*Your objective:*
Please reproduce every record, keeping each one exactly as written.

*Stored data entries:*
==*==
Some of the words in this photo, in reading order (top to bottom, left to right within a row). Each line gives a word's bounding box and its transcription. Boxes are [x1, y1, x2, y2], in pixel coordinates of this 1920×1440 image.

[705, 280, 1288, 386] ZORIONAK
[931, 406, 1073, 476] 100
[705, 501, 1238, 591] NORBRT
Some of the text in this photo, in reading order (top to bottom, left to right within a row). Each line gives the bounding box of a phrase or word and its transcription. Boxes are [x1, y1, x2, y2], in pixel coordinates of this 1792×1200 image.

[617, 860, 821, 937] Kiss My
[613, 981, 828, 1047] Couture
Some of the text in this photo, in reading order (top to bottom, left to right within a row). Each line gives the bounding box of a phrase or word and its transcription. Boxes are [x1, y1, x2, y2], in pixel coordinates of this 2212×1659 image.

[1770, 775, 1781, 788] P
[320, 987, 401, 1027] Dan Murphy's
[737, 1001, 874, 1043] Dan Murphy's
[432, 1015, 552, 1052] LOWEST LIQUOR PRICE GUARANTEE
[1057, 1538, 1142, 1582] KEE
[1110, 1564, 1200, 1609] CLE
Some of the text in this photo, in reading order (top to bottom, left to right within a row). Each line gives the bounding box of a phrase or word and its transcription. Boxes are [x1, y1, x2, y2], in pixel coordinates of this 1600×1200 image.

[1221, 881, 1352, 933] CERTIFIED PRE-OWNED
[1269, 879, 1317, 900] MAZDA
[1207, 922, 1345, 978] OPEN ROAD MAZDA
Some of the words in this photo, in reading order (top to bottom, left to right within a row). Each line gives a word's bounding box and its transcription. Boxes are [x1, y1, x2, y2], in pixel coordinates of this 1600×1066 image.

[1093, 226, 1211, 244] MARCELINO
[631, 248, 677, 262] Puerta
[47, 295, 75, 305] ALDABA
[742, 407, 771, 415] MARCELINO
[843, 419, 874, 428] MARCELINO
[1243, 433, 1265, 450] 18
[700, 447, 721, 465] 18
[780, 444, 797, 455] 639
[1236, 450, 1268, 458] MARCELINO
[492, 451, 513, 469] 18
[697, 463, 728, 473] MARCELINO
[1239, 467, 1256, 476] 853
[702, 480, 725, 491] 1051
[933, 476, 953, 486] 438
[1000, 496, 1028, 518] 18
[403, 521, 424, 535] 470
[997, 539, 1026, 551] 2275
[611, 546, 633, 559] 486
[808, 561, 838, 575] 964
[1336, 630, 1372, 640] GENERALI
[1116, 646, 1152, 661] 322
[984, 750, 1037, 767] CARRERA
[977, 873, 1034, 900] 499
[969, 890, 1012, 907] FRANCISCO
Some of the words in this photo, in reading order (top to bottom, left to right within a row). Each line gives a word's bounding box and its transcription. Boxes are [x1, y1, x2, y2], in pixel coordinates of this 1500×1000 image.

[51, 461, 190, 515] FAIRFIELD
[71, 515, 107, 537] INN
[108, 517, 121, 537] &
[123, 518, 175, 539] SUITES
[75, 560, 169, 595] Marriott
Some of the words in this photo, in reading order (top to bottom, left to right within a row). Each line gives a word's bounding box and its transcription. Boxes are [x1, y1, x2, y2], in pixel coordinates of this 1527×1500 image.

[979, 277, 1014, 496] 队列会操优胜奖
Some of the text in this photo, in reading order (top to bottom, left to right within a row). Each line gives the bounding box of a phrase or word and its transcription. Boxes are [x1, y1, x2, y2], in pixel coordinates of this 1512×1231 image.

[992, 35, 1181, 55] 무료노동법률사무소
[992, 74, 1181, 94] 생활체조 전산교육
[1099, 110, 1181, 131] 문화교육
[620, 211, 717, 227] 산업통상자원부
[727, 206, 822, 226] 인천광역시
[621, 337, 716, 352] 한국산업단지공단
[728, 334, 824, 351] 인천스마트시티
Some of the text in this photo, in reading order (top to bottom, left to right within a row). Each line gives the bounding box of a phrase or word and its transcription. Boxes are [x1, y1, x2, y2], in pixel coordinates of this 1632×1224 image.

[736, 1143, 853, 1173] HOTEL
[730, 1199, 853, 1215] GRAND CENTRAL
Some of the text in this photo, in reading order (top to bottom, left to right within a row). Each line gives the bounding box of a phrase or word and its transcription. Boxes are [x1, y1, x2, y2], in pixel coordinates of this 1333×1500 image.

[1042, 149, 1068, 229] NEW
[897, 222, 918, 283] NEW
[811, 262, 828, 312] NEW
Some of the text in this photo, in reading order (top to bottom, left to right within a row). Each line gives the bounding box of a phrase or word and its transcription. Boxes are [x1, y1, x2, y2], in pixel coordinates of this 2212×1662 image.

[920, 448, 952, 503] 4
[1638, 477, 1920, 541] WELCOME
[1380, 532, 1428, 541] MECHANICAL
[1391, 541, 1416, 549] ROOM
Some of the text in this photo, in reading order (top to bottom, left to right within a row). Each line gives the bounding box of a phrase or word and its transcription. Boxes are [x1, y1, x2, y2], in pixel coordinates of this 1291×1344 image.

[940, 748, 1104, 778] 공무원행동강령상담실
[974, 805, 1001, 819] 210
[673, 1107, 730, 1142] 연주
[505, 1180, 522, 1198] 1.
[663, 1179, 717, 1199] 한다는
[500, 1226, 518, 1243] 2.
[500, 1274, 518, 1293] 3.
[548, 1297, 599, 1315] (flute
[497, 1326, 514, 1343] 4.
==*==
*Task response:*
Some of the words in this photo, in reading order (top to bottom, left to right within a row). Each line gives a word's bounding box and its transcription. Boxes are [x1, y1, x2, y2], in pixel coordinates of this 1920×1440 image.

[705, 280, 1288, 386] ZORIONAK
[931, 406, 1073, 476] 100
[705, 501, 1238, 591] NORBRT
Some of the text in this photo, in reading order (top to bottom, left to right within a row). Each line gives the bounding box of a phrase or word and its transcription. Boxes are [x1, y1, x2, y2], in pixel coordinates of this 1792×1200 image.

[617, 860, 821, 937] Kiss My
[613, 981, 828, 1047] Couture
Some of the text in this photo, in reading order (top to bottom, left to right within a row). Each line gives the bounding box of a phrase or word and its transcription. Boxes are [x1, y1, x2, y2], in pixel coordinates of this 2212×1659 image.

[1770, 775, 1781, 788] P
[320, 987, 401, 1027] Dan Murphy's
[737, 1001, 874, 1043] Dan Murphy's
[432, 1015, 552, 1052] LOWEST LIQUOR PRICE GUARANTEE
[1057, 1538, 1142, 1582] KEE
[1110, 1564, 1200, 1609] CLE
Some of the text in this photo, in reading order (top to bottom, left to right within a row). Each line gives the bounding box of a phrase or word and its transcription. Boxes are [x1, y1, x2, y2], in pixel coordinates of this 1600×1200 image.

[1221, 881, 1352, 933] CERTIFIED PRE-OWNED
[1269, 879, 1317, 900] MAZDA
[1207, 922, 1345, 978] OPEN ROAD MAZDA
Some of the words in this photo, in reading order (top to bottom, left to right within a row). Each line gives a word's bounding box and its transcription. Boxes are [x1, y1, x2, y2], in pixel coordinates of this 1600×1066 image.

[1093, 226, 1211, 244] MARCELINO
[631, 248, 677, 262] Puerta
[47, 295, 75, 305] ALDABA
[742, 407, 771, 415] MARCELINO
[843, 419, 874, 428] MARCELINO
[1243, 433, 1265, 450] 18
[700, 447, 721, 465] 18
[780, 444, 797, 455] 639
[1236, 450, 1268, 458] MARCELINO
[492, 451, 513, 469] 18
[697, 463, 728, 473] MARCELINO
[1239, 467, 1256, 476] 853
[702, 480, 725, 491] 1051
[933, 476, 953, 486] 438
[1000, 496, 1028, 518] 18
[403, 521, 424, 535] 470
[997, 539, 1026, 551] 2275
[611, 546, 633, 559] 486
[808, 561, 838, 575] 964
[1336, 630, 1372, 640] GENERALI
[1116, 646, 1152, 661] 322
[984, 750, 1037, 767] CARRERA
[977, 873, 1034, 900] 499
[969, 890, 1012, 907] FRANCISCO
Some of the words in this photo, in reading order (top to bottom, left to right within a row). Each line gives a word's bounding box and its transcription. Boxes are [x1, y1, x2, y2], in pixel coordinates of this 1500×1000 image.

[51, 461, 190, 515] FAIRFIELD
[71, 515, 107, 537] INN
[108, 517, 121, 537] &
[123, 518, 175, 539] SUITES
[75, 560, 169, 595] Marriott
Some of the words in this photo, in reading order (top to bottom, left to right within a row). Each line gives a word's bounding box and its transcription. Boxes are [x1, y1, x2, y2], in pixel coordinates of this 1527×1500 image.

[979, 277, 1014, 496] 队列会操优胜奖
Some of the text in this photo, in reading order (top to bottom, left to right within a row). Each line gives the bounding box of a phrase or word and its transcription. Boxes are [x1, y1, x2, y2], in pixel coordinates of this 1512×1231 image.

[992, 35, 1181, 55] 무료노동법률사무소
[992, 74, 1181, 94] 생활체조 전산교육
[1099, 110, 1181, 131] 문화교육
[620, 211, 717, 227] 산업통상자원부
[727, 206, 822, 226] 인천광역시
[621, 337, 716, 352] 한국산업단지공단
[728, 334, 824, 351] 인천스마트시티
Some of the text in this photo, in reading order (top to bottom, left to right within a row). Each line gives the bounding box of a phrase or word and its transcription. Boxes are [x1, y1, x2, y2], in pixel coordinates of this 1632×1224 image.

[736, 1143, 853, 1173] HOTEL
[730, 1199, 853, 1215] GRAND CENTRAL
Some of the text in this photo, in reading order (top to bottom, left to right within a row). Each line gives the bounding box of a phrase or word and its transcription. Boxes are [x1, y1, x2, y2], in pixel coordinates of this 1333×1500 image.

[1042, 149, 1068, 229] NEW
[897, 222, 918, 283] NEW
[811, 262, 828, 312] NEW
Some of the text in this photo, in reading order (top to bottom, left to right within a row). Each line gives the bounding box of a phrase or word and its transcription. Boxes are [x1, y1, x2, y2], in pixel coordinates of this 2212×1662 image.

[920, 448, 952, 503] 4
[1638, 477, 1920, 541] WELCOME
[1380, 532, 1428, 541] MECHANICAL
[1391, 541, 1416, 549] ROOM
Some of the text in this photo, in reading order (top to bottom, left to right within a row). Each line gives the bounding box of a phrase or word and its transcription. Boxes are [x1, y1, x2, y2], in pixel coordinates of this 1291×1344 image.

[940, 748, 1104, 778] 공무원행동강령상담실
[974, 805, 1001, 819] 210
[673, 1107, 730, 1142] 연주
[505, 1180, 522, 1198] 1.
[663, 1179, 717, 1199] 한다는
[500, 1226, 518, 1243] 2.
[500, 1274, 518, 1293] 3.
[548, 1297, 599, 1315] (flute
[497, 1326, 514, 1343] 4.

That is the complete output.